Si recordamos nuestra niñez muchos de los rituales, no tienen que ver con un elemento particular, sino con aquellas acciones que nos vinculan a nuestro entorno inmediato. En la actualidad los ritmos vertiginosos modificaron determinados rituales familiares, donde el juego paso a segundo plano. Tenemos la creencia de que jugar es una actividad frívola y que va en desmedro de cuestiones importantes. Sin embargo jugar es fundamental para la educación de los más chicos.

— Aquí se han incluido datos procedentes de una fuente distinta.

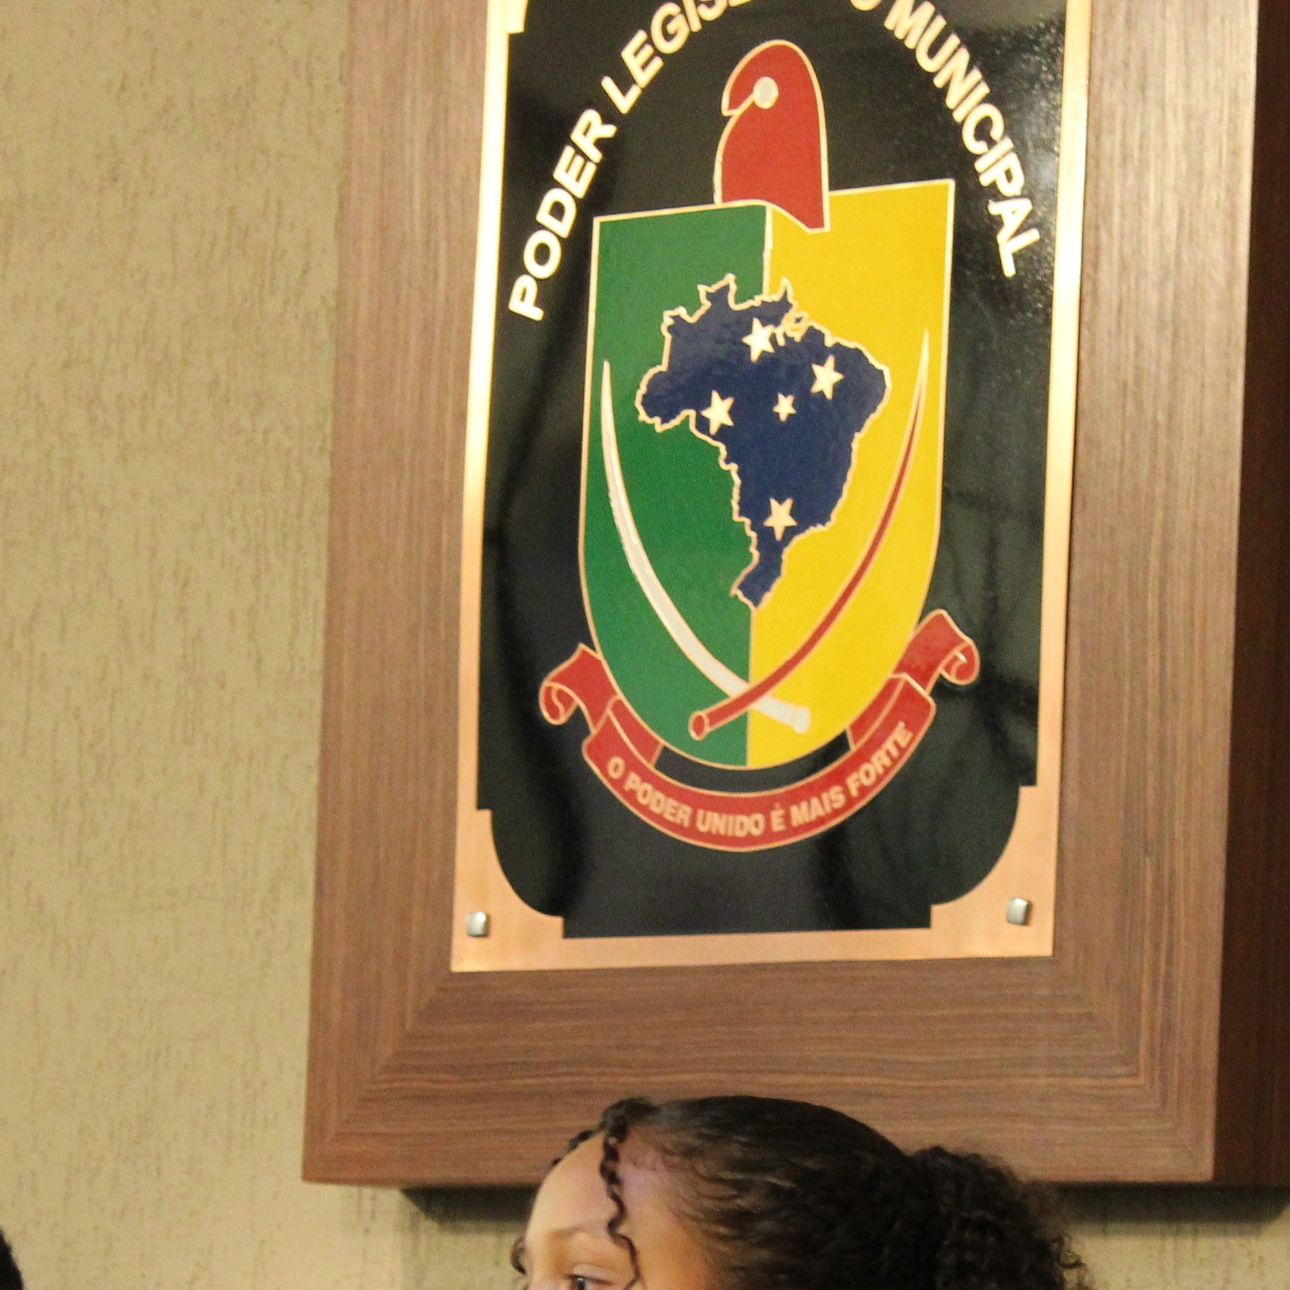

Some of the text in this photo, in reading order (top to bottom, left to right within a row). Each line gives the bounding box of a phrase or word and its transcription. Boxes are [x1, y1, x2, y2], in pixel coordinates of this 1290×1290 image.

[508, 107, 617, 321] PODER
[883, 0, 1040, 277] MUNICIPAL
[607, 721, 914, 838] O PODER UNIDO É MAIS FORTE

¿Pero por qué tienen que jugar los niños?
El primer lenguaje es la actividad lúdica, los pequeños interactúan con los objetos, desarrollan sus sentidos, adquieren habilidades, expresan fantasías, sentimientos y se relacionan.
El juego espontáneo en los primeros años de nuestros hijos debería ser una de las actividades que ocupen mayor cantidad horas como familia. La mirada del adulto habilita el rol de niño en el juego, proporcionando un entorno donde se permite ganar seguridad, expresar miedos y comenzar a constituirse como sujeto.
Tempranamente van ensayando roles sociales a través de la dramatización potenciando las funciones cognitivas. El vínculo es imprescindible, tanto si hablamos de bebés como de niños mayores.
De a poco como cuidadores vamos descubriendo sus gustos, preferencias, necesidades, dificultades, progresos, ritmos, de esta forma podemos ir ofreciendo una respuesta adecuada a cada niño, que en muchas ocasiones no tiene que ver con una actividad armada, sino simplemente materiales que tenemos en los hogares, como cajas, botellas plásticas, recipientes y todo lo que nos permita interactuar con ellos y entre sí.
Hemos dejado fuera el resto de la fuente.